— Images for object localization —
—————

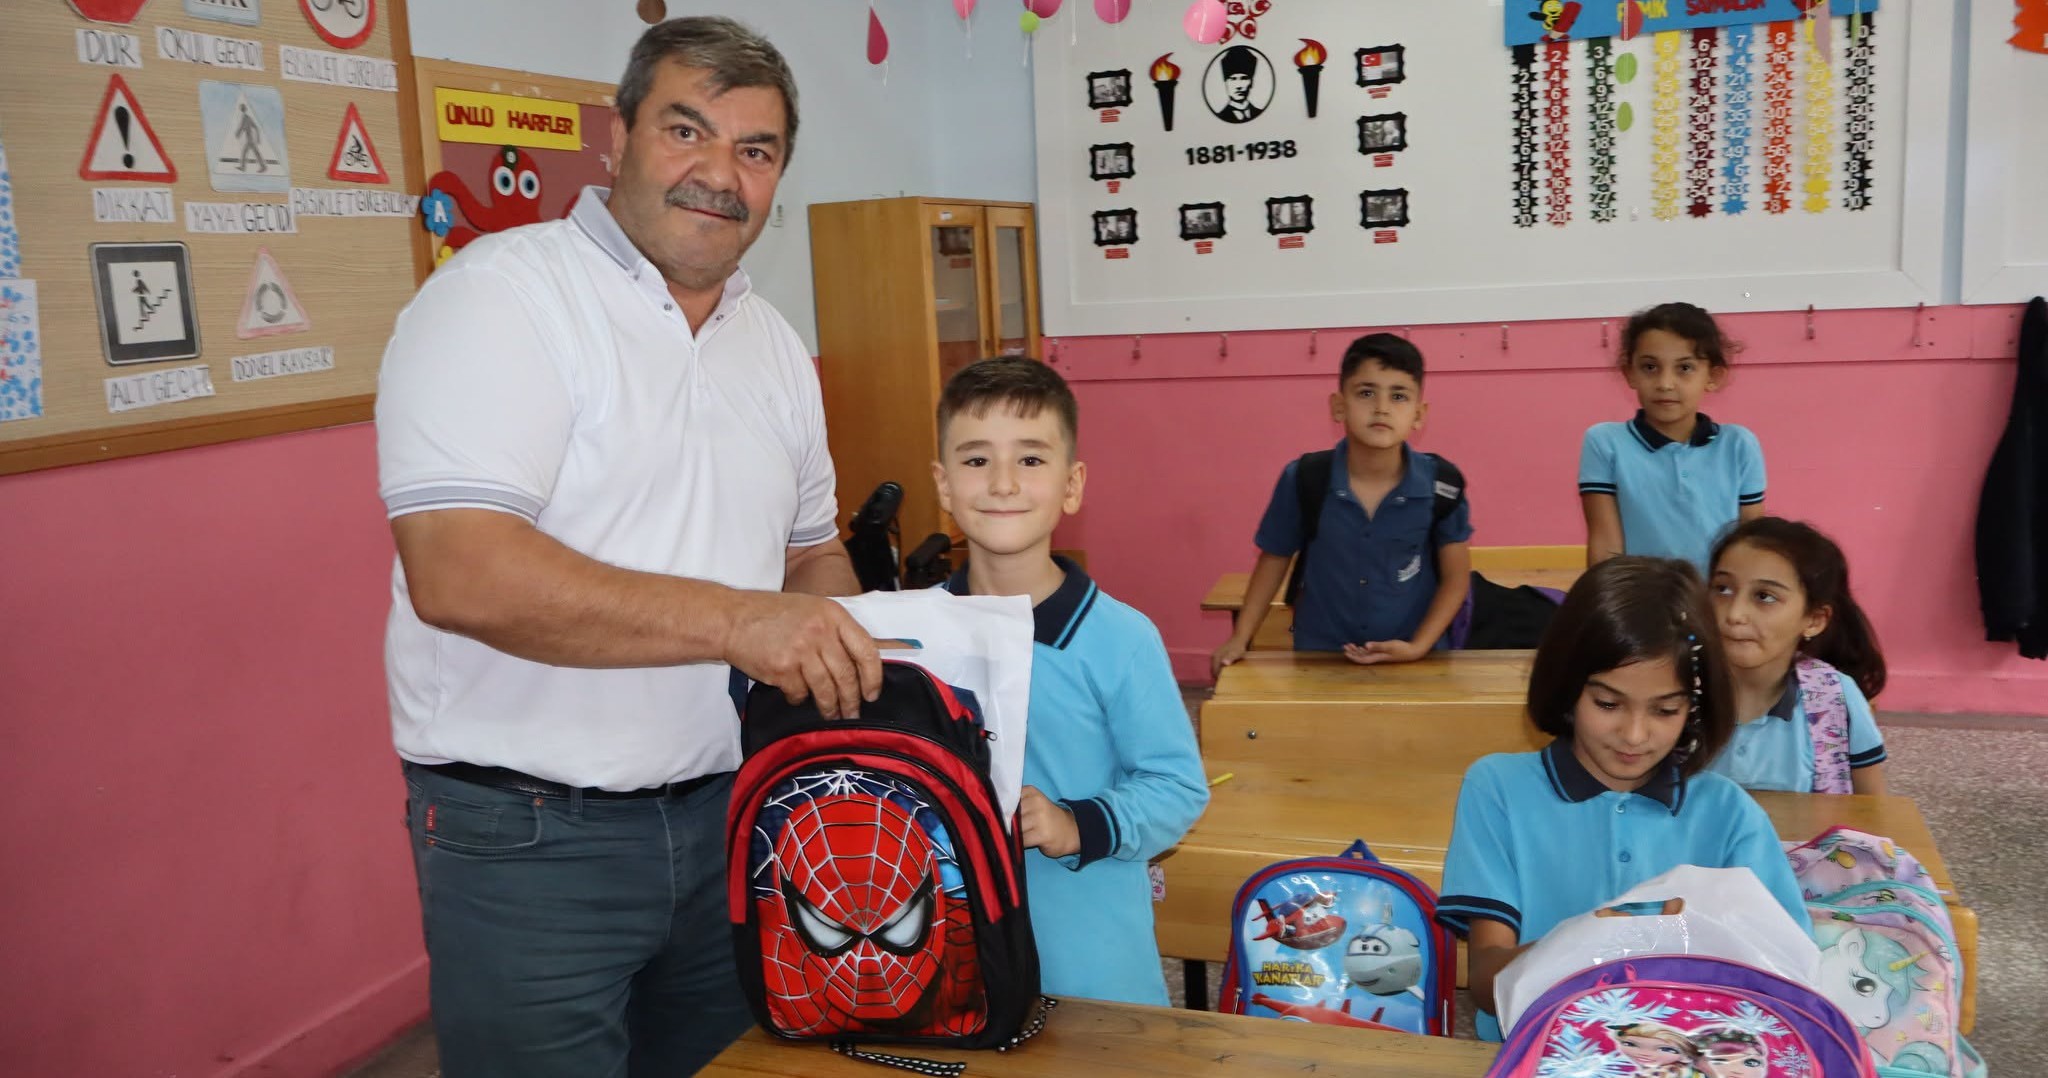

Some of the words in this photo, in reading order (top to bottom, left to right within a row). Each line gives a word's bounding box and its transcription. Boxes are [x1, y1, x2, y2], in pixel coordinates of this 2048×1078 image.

[1736, 35, 1746, 47] 7
[1776, 32, 1786, 45] 8
[84, 31, 136, 64] DUR
[1663, 42, 1673, 52] 5
[1698, 39, 1710, 51] 6
[1551, 51, 1561, 62] 2
[1593, 47, 1604, 58] 3
[1772, 52, 1787, 63] 16
[1852, 47, 1870, 59] 20
[1696, 58, 1711, 70] 12
[1736, 56, 1746, 66] 4
[1520, 73, 1529, 84] 2
[1550, 71, 1561, 82] 4
[1594, 67, 1606, 79] 6
[1770, 72, 1786, 84] 24
[1850, 67, 1869, 79] 30
[1699, 77, 1710, 89] 8
[1729, 74, 1744, 85] 21
[1519, 91, 1529, 102] 3
[1550, 88, 1561, 99] 6
[1596, 85, 1607, 96] 9
[1849, 85, 1868, 97] 40
[1693, 95, 1710, 107] 24
[1728, 91, 1746, 103] 28
[1551, 106, 1561, 117] 8
[1594, 102, 1610, 113] 12
[1850, 104, 1868, 117] 50
[1519, 109, 1530, 121] 4
[1692, 113, 1710, 125] 30
[1728, 110, 1745, 122] 35
[507, 110, 574, 136] HARFLER
[1549, 123, 1563, 134] 10
[1594, 120, 1610, 132] 15
[1851, 121, 1868, 134] 60
[1521, 127, 1531, 138] 5
[1692, 131, 1710, 143] 36
[1726, 127, 1745, 139] 42
[1765, 125, 1785, 137] 48
[1520, 144, 1531, 155] 6
[1549, 141, 1564, 151] 12
[1595, 138, 1610, 149] 18
[1852, 141, 1868, 153] 70
[1186, 140, 1297, 166] 1881-1938
[1688, 149, 1709, 161] 42
[1726, 146, 1744, 158] 49
[1767, 145, 1786, 158] 56
[1550, 158, 1564, 169] 14
[1594, 156, 1609, 167] 21
[1850, 160, 1860, 173] 8
[1520, 163, 1531, 174] 7
[1689, 168, 1709, 180] 48
[1734, 164, 1744, 176] 6
[1767, 164, 1786, 176] 64
[1550, 177, 1565, 188] 16
[1594, 174, 1611, 185] 24
[1848, 179, 1859, 191] 9
[1520, 181, 1530, 192] 8
[1690, 186, 1709, 198] 54
[1726, 183, 1743, 195] 63
[1776, 181, 1786, 193] 2
[1520, 198, 1530, 209] 9
[1848, 196, 1863, 209] 10
[190, 203, 238, 231] YAYA
[434, 201, 448, 223] A
[1550, 212, 1566, 223] 20
[110, 377, 147, 408] ALT
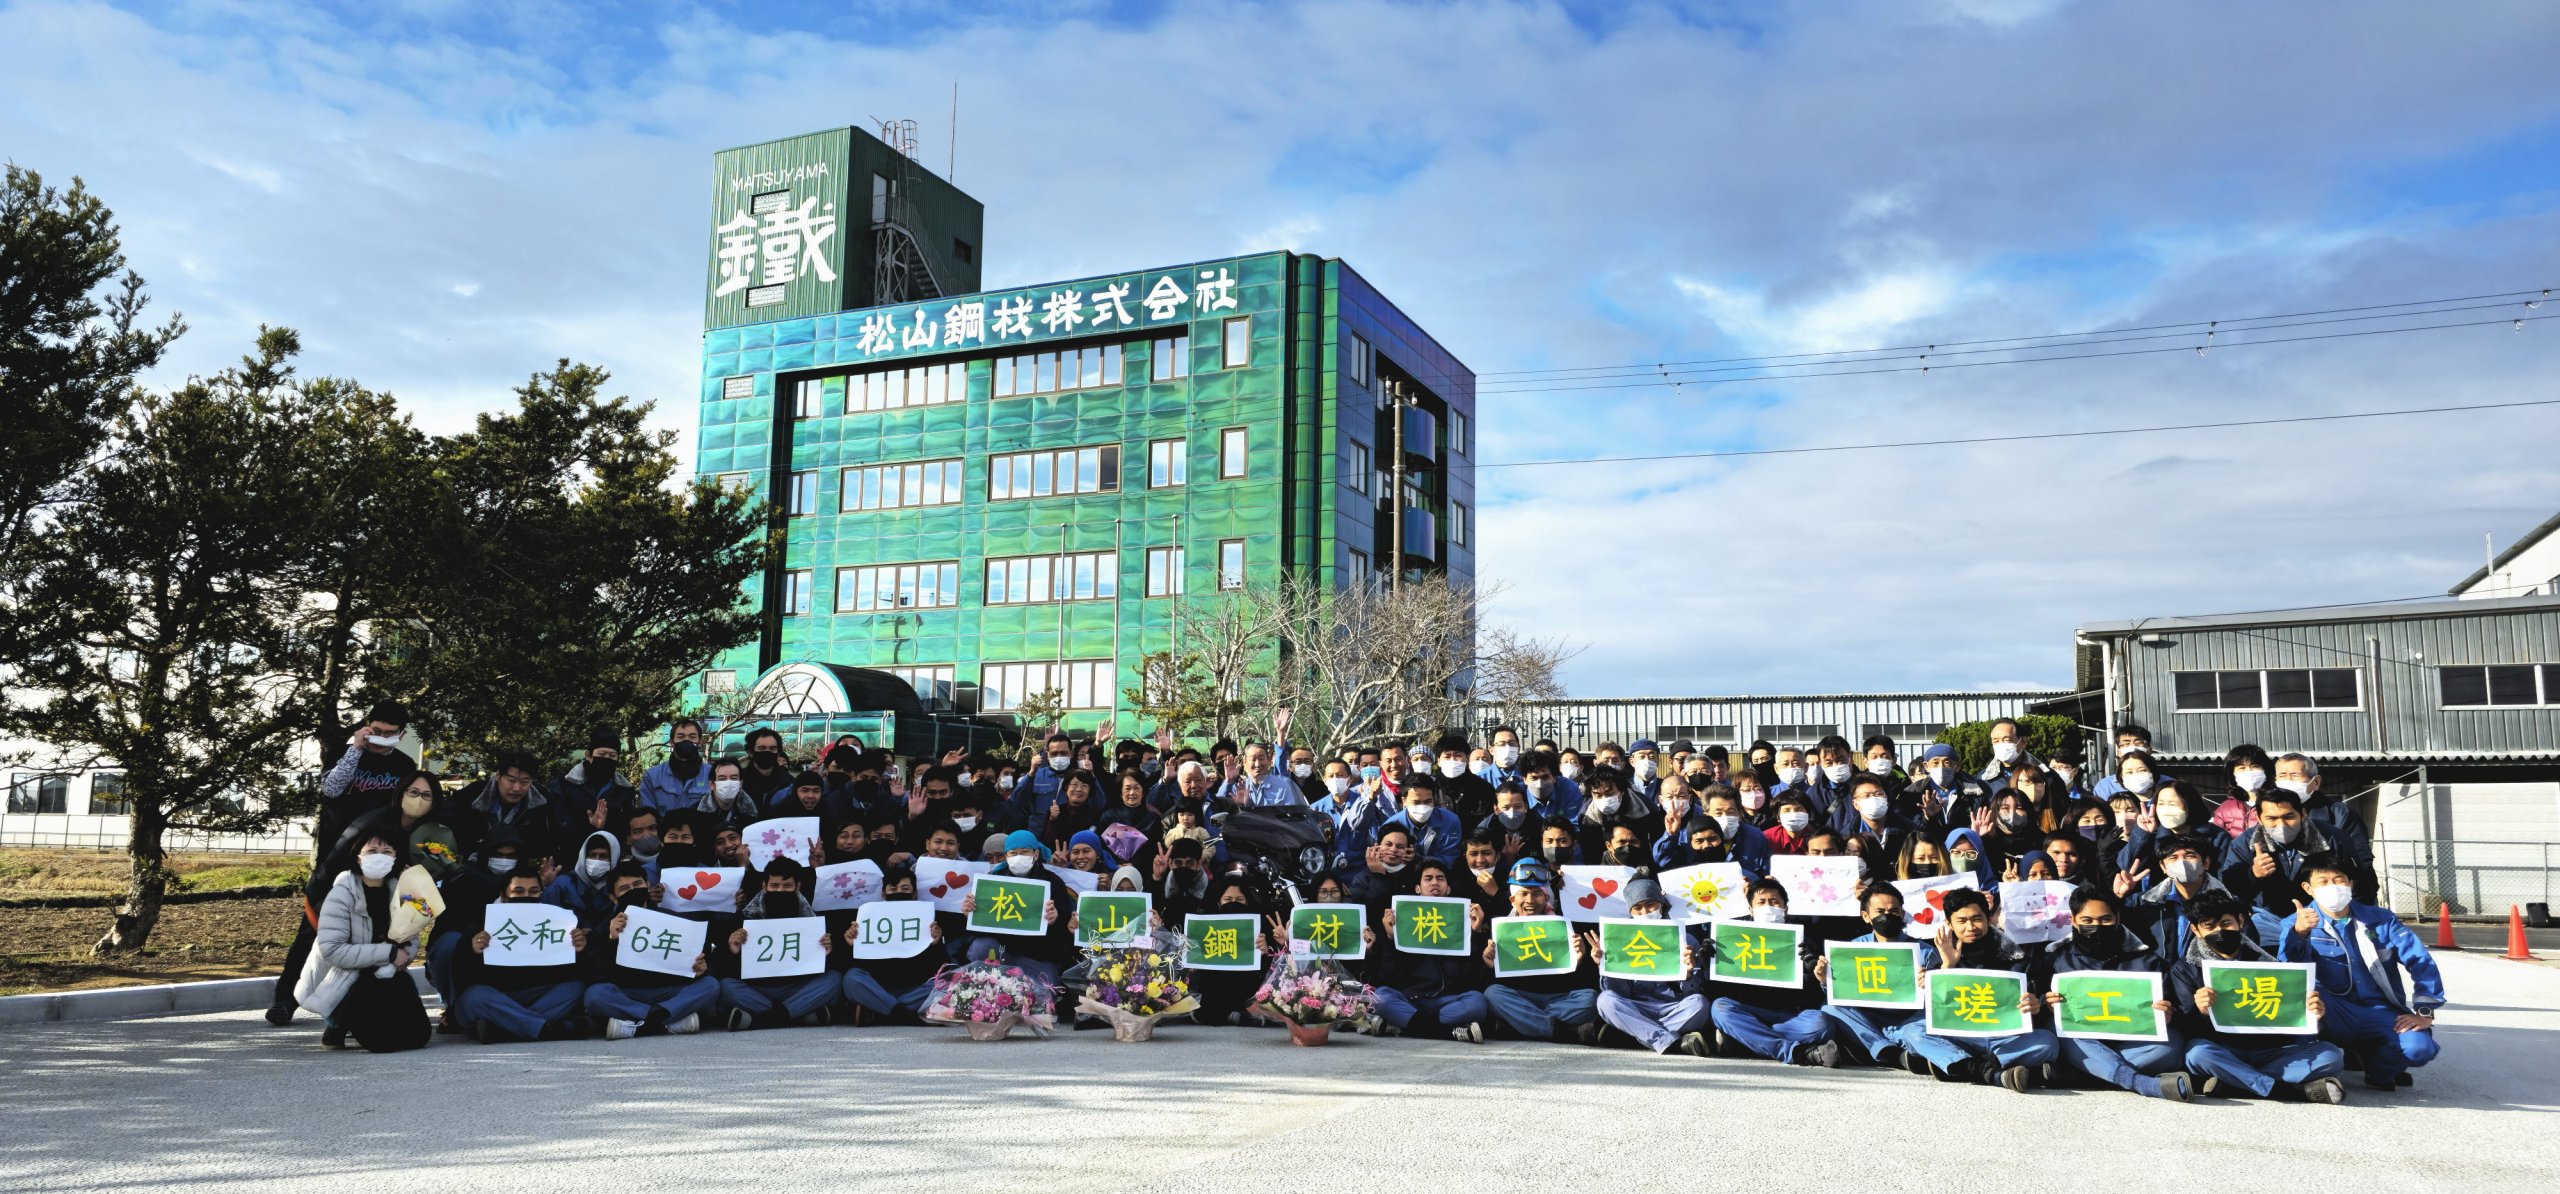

—————

— The problem —
All entries must be output unchanged, with every picture omitted.

— Exercise output —
Some of the words in this photo, in reading order (top to bottom, left to right within a row). Each line gives a word's bounding box and its transcription. Boxes are [x1, y1, x2, y2], in pixel coordinates of this 2048×1078 image.

[1736, 35, 1746, 47] 7
[1776, 32, 1786, 45] 8
[84, 31, 136, 64] DUR
[1663, 42, 1673, 52] 5
[1698, 39, 1710, 51] 6
[1551, 51, 1561, 62] 2
[1593, 47, 1604, 58] 3
[1772, 52, 1787, 63] 16
[1852, 47, 1870, 59] 20
[1696, 58, 1711, 70] 12
[1736, 56, 1746, 66] 4
[1520, 73, 1529, 84] 2
[1550, 71, 1561, 82] 4
[1594, 67, 1606, 79] 6
[1770, 72, 1786, 84] 24
[1850, 67, 1869, 79] 30
[1699, 77, 1710, 89] 8
[1729, 74, 1744, 85] 21
[1519, 91, 1529, 102] 3
[1550, 88, 1561, 99] 6
[1596, 85, 1607, 96] 9
[1849, 85, 1868, 97] 40
[1693, 95, 1710, 107] 24
[1728, 91, 1746, 103] 28
[1551, 106, 1561, 117] 8
[1594, 102, 1610, 113] 12
[1850, 104, 1868, 117] 50
[1519, 109, 1530, 121] 4
[1692, 113, 1710, 125] 30
[1728, 110, 1745, 122] 35
[507, 110, 574, 136] HARFLER
[1549, 123, 1563, 134] 10
[1594, 120, 1610, 132] 15
[1851, 121, 1868, 134] 60
[1521, 127, 1531, 138] 5
[1692, 131, 1710, 143] 36
[1726, 127, 1745, 139] 42
[1765, 125, 1785, 137] 48
[1520, 144, 1531, 155] 6
[1549, 141, 1564, 151] 12
[1595, 138, 1610, 149] 18
[1852, 141, 1868, 153] 70
[1186, 140, 1297, 166] 1881-1938
[1688, 149, 1709, 161] 42
[1726, 146, 1744, 158] 49
[1767, 145, 1786, 158] 56
[1550, 158, 1564, 169] 14
[1594, 156, 1609, 167] 21
[1850, 160, 1860, 173] 8
[1520, 163, 1531, 174] 7
[1689, 168, 1709, 180] 48
[1734, 164, 1744, 176] 6
[1767, 164, 1786, 176] 64
[1550, 177, 1565, 188] 16
[1594, 174, 1611, 185] 24
[1848, 179, 1859, 191] 9
[1520, 181, 1530, 192] 8
[1690, 186, 1709, 198] 54
[1726, 183, 1743, 195] 63
[1776, 181, 1786, 193] 2
[1520, 198, 1530, 209] 9
[1848, 196, 1863, 209] 10
[190, 203, 238, 231] YAYA
[434, 201, 448, 223] A
[1550, 212, 1566, 223] 20
[110, 377, 147, 408] ALT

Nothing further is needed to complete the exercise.